| Exercise |
Restate the whole listing below word for word and keep the images out.

===============

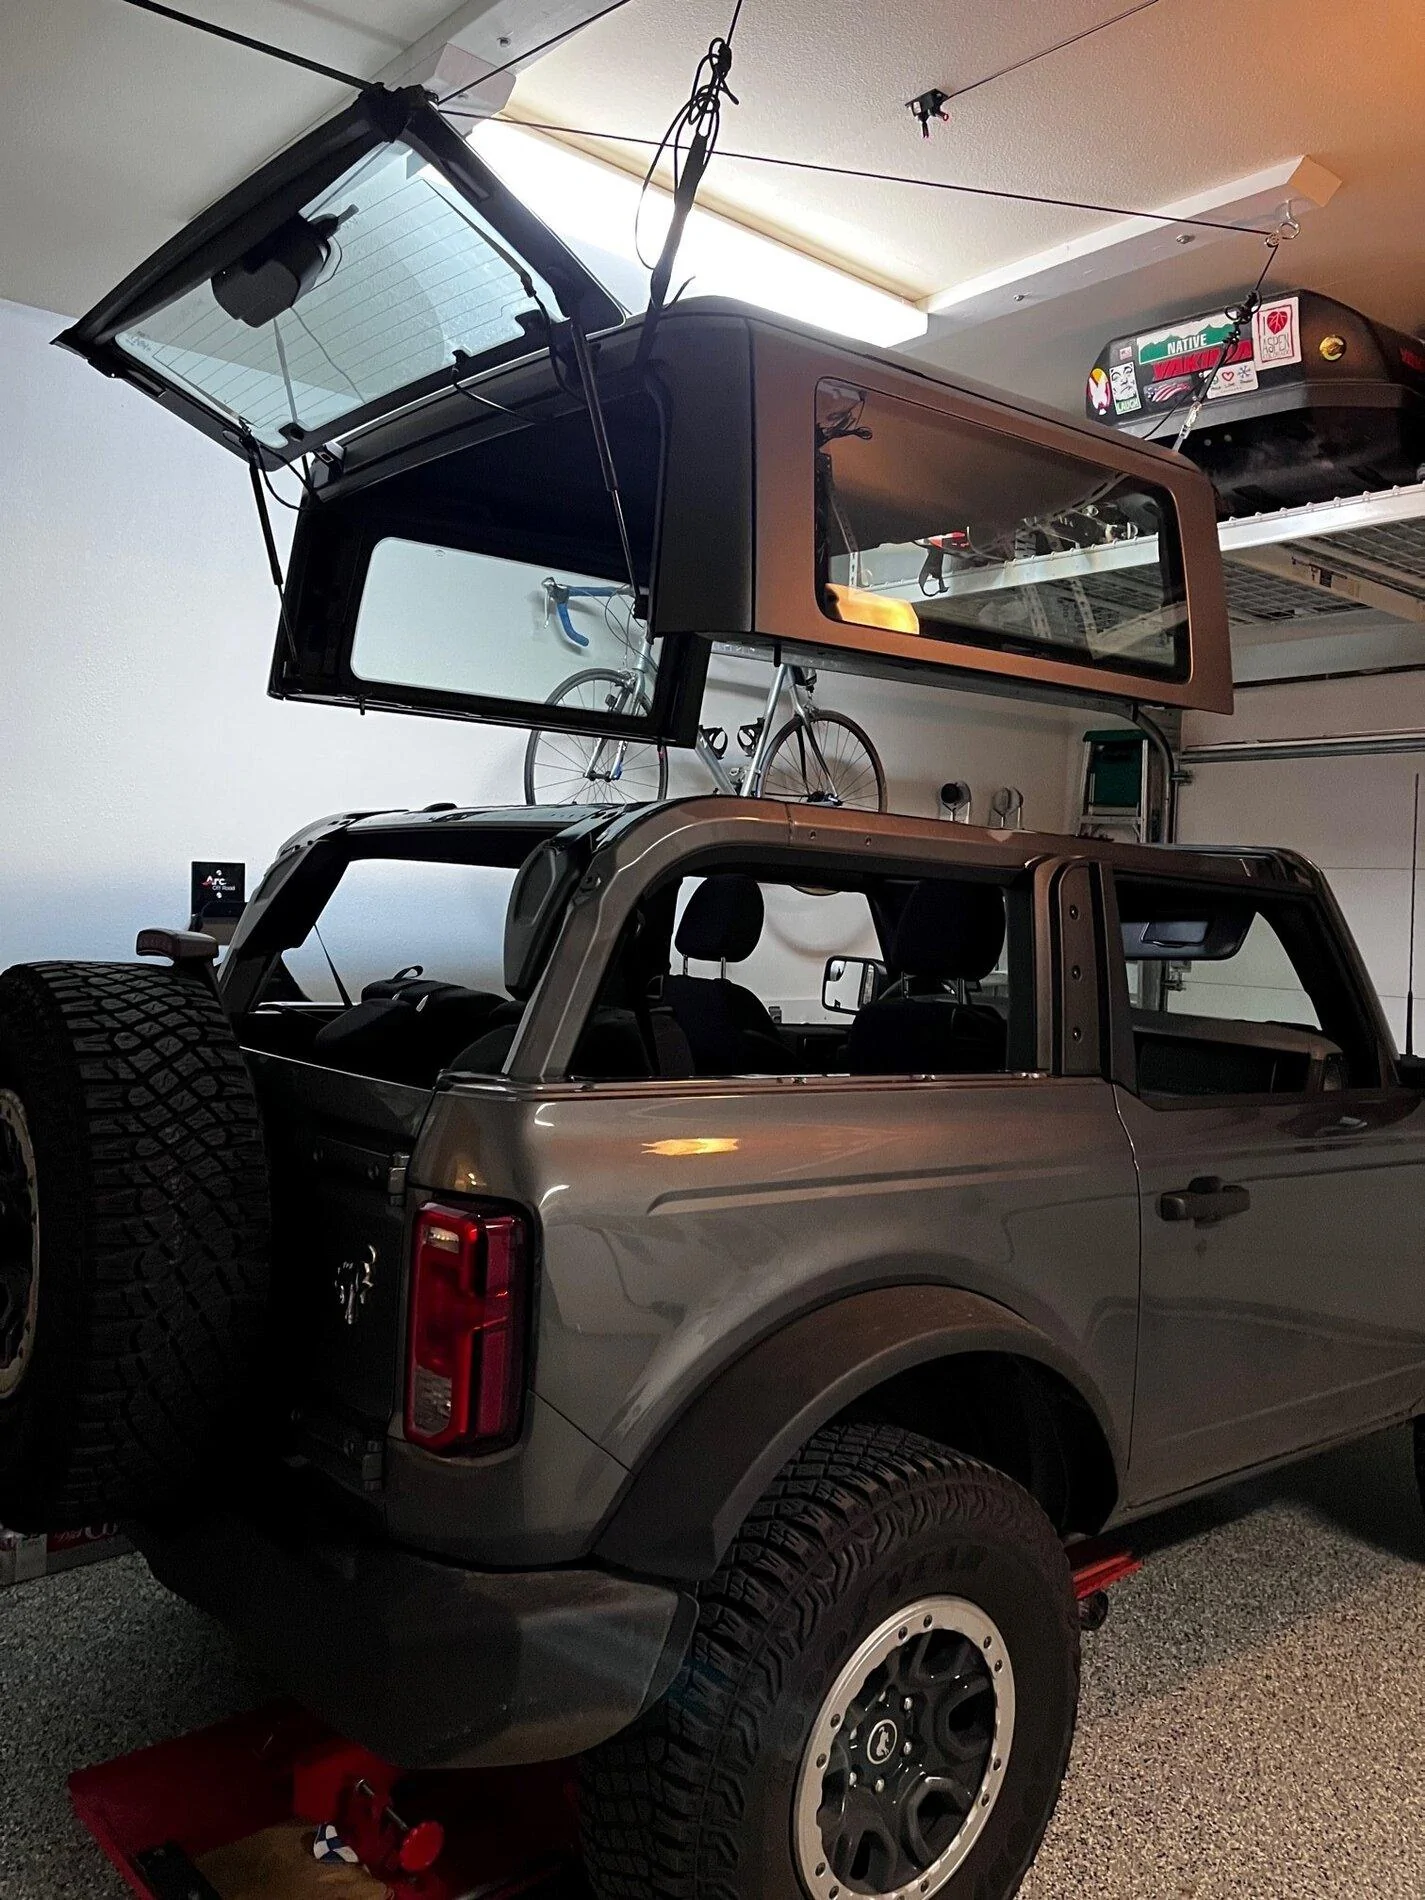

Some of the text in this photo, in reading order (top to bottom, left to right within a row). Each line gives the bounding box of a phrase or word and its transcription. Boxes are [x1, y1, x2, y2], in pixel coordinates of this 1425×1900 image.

[1262, 316, 1266, 335] I
[1167, 333, 1208, 354] NATIVE
[1262, 333, 1290, 353] ASPEN
[202, 875, 227, 886] Arc
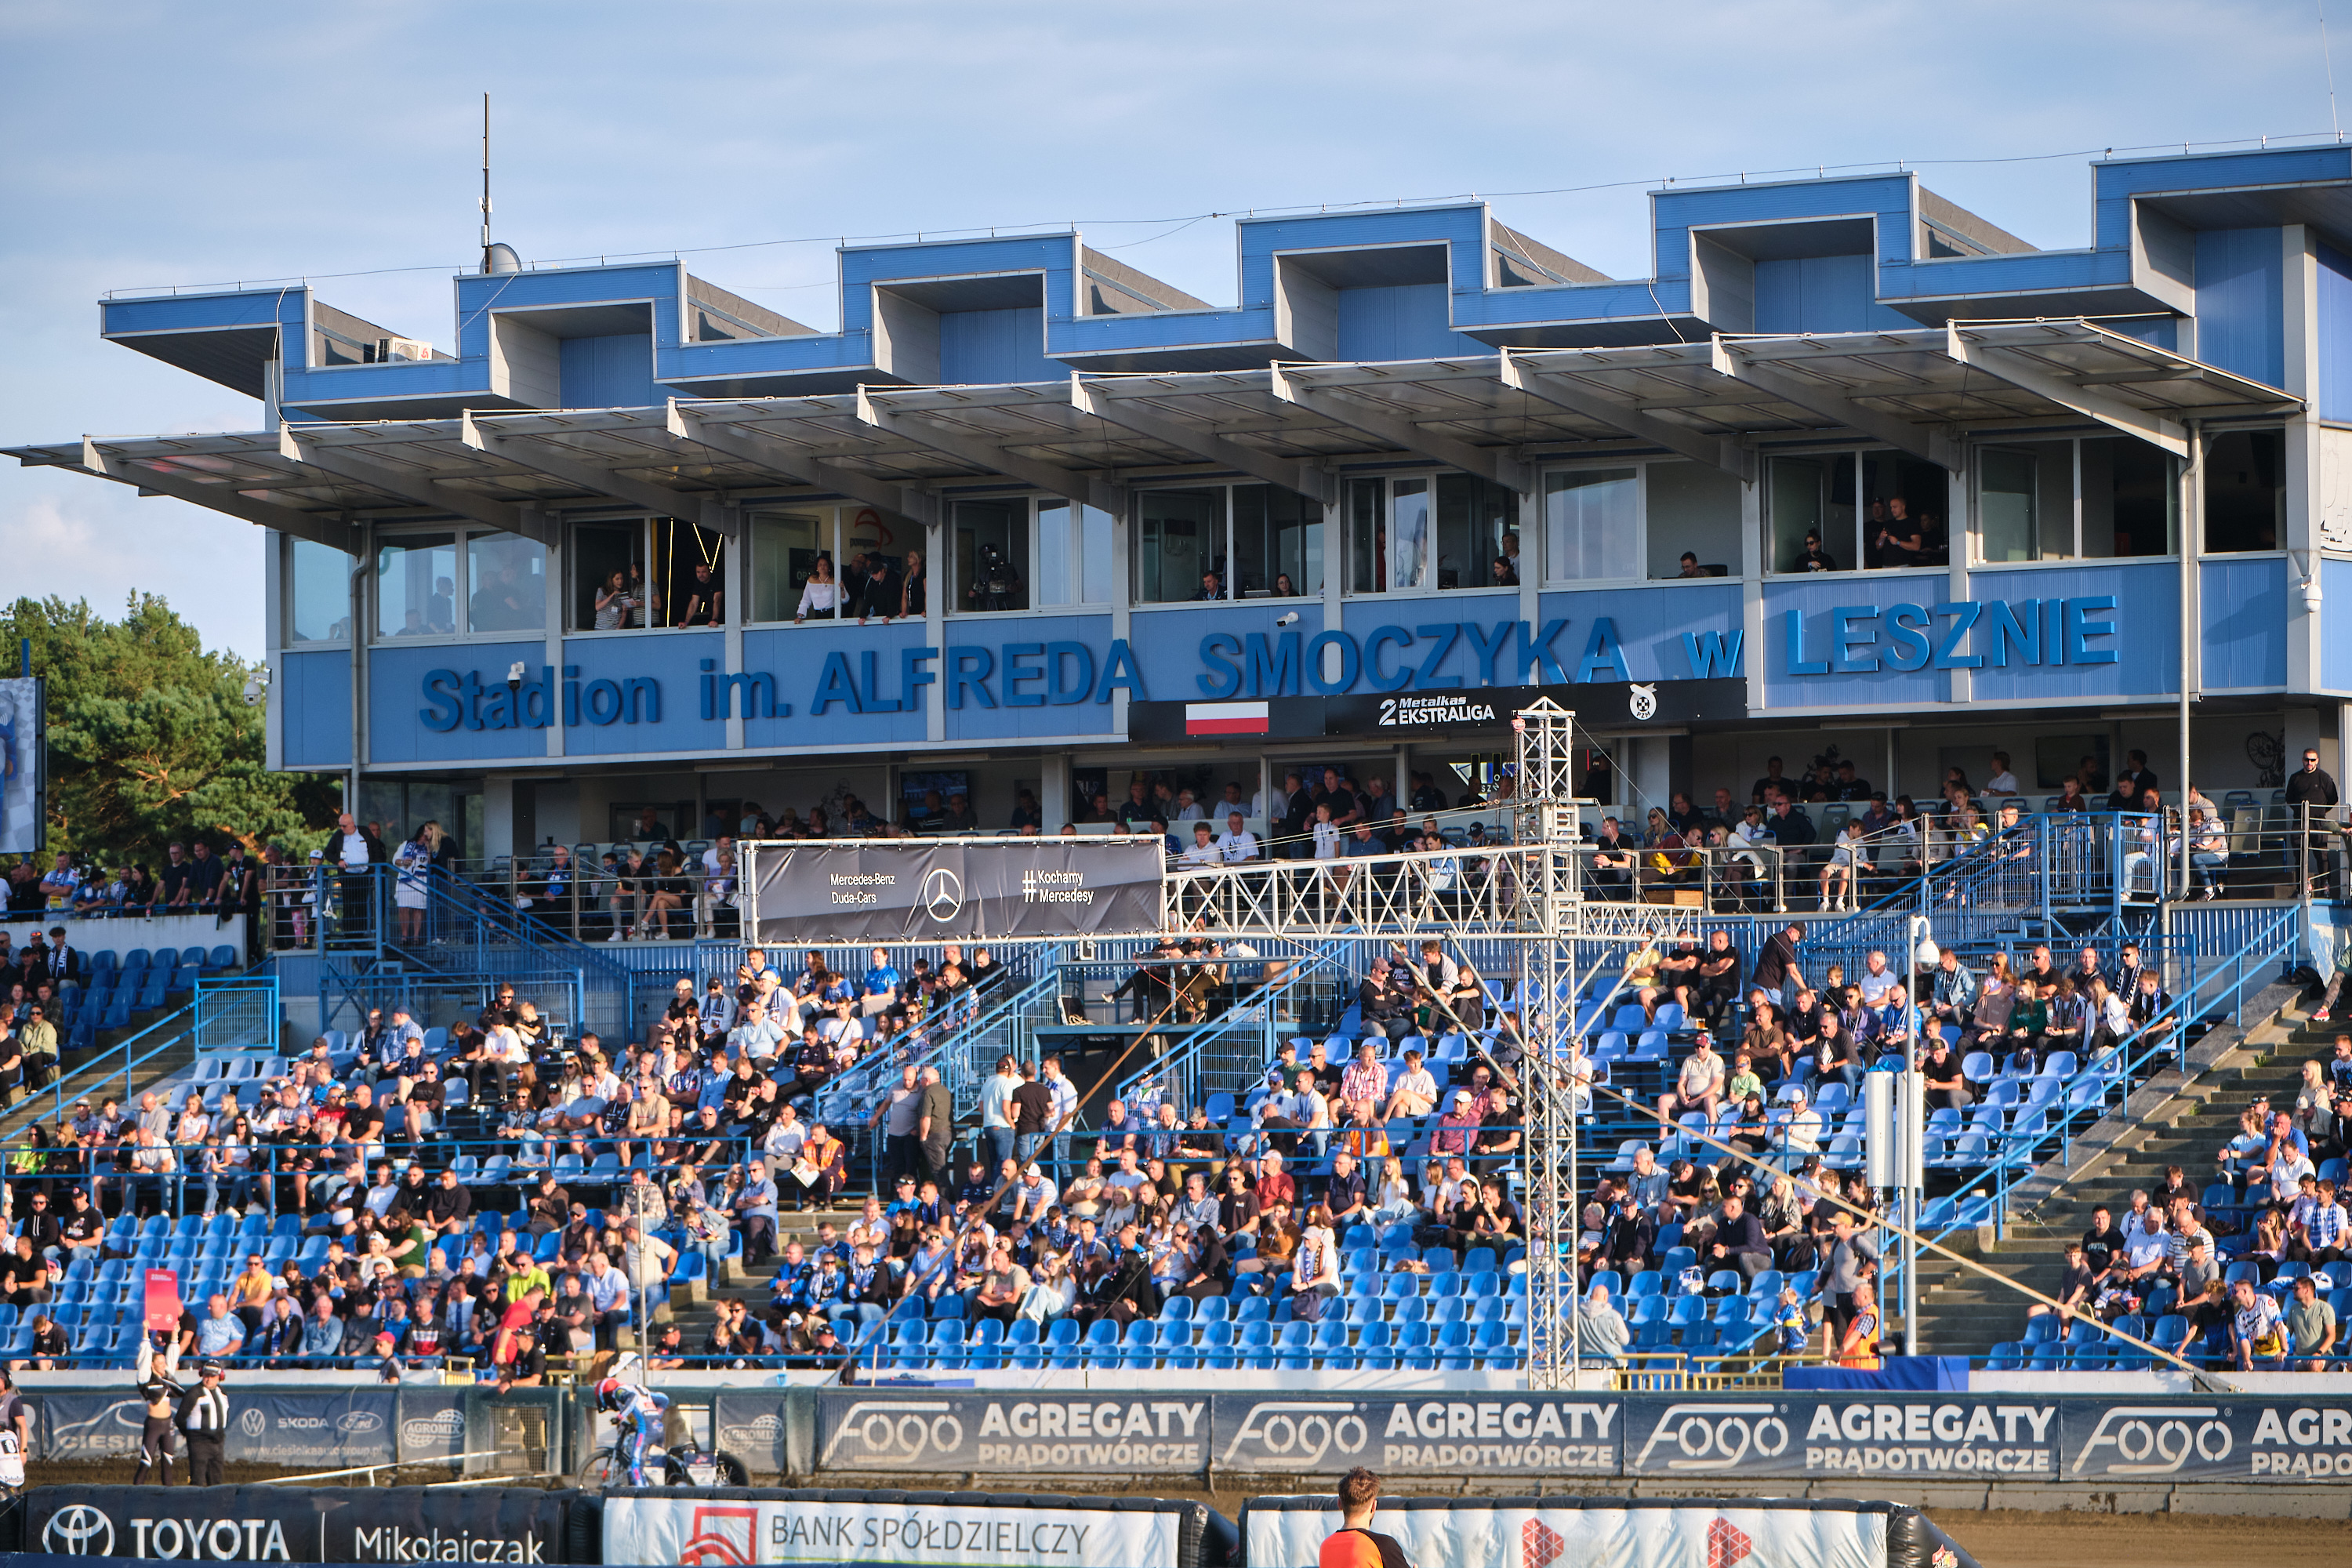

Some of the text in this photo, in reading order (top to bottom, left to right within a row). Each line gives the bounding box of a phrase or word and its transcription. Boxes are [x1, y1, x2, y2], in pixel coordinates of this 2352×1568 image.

[419, 595, 2119, 731] Stadion im. ALFREDA SMOCZYKA w LESZNIE
[1379, 699, 1496, 726] 2 EKSTRALIGA
[1399, 695, 1467, 709] Metalkas
[830, 873, 895, 886] Mercedes-Benz
[831, 891, 877, 904] Duda-Cars
[1039, 887, 1094, 906] Mercedesy
[406, 1421, 461, 1435] AGROMIX
[724, 1428, 779, 1441] AGROMIX
[978, 1402, 1204, 1438] AGREGATY
[1384, 1402, 1619, 1439] AGREGATY
[1806, 1403, 2056, 1443] AGREGATY
[2251, 1408, 2352, 1446] AGR
[978, 1438, 1200, 1471] PRĄDOTWÓRCZE
[1384, 1439, 1614, 1470] PRĄDOTWÓRCZE
[1806, 1443, 2050, 1475] PRĄDOTWÓRCZE
[2251, 1452, 2352, 1479] PRĄDO
[130, 1518, 291, 1561] TOYOTA
[355, 1526, 546, 1565] Mikołajczak
[772, 1511, 1091, 1555] BANK SPÓŁDZIELCZY

===============

| Finished task |
Some of the text in this photo, in reading order (top to bottom, left to right within a row). Each line gives the bounding box of a phrase or word and its transcription. Boxes are [x1, y1, x2, y2], in pixel coordinates of this 1425×1900 image.

[1262, 316, 1266, 335] I
[1167, 333, 1208, 354] NATIVE
[1262, 333, 1290, 353] ASPEN
[202, 875, 227, 886] Arc

Some of the text in this photo, in reading order (top to bottom, left to right within a row). Each line gives the bounding box of a phrase or word and its transcription. Boxes are [x1, y1, x2, y2], in pixel coordinates of this 2352×1568 image.

[419, 595, 2119, 731] Stadion im. ALFREDA SMOCZYKA w LESZNIE
[1379, 699, 1496, 726] 2 EKSTRALIGA
[1399, 695, 1467, 709] Metalkas
[830, 873, 895, 886] Mercedes-Benz
[831, 891, 877, 904] Duda-Cars
[1039, 887, 1094, 906] Mercedesy
[406, 1421, 461, 1435] AGROMIX
[724, 1428, 779, 1441] AGROMIX
[978, 1402, 1204, 1438] AGREGATY
[1384, 1402, 1619, 1439] AGREGATY
[1806, 1403, 2056, 1443] AGREGATY
[2251, 1408, 2352, 1446] AGR
[978, 1438, 1200, 1471] PRĄDOTWÓRCZE
[1384, 1439, 1614, 1470] PRĄDOTWÓRCZE
[1806, 1443, 2050, 1475] PRĄDOTWÓRCZE
[2251, 1452, 2352, 1479] PRĄDO
[130, 1518, 291, 1561] TOYOTA
[355, 1526, 546, 1565] Mikołajczak
[772, 1511, 1091, 1555] BANK SPÓŁDZIELCZY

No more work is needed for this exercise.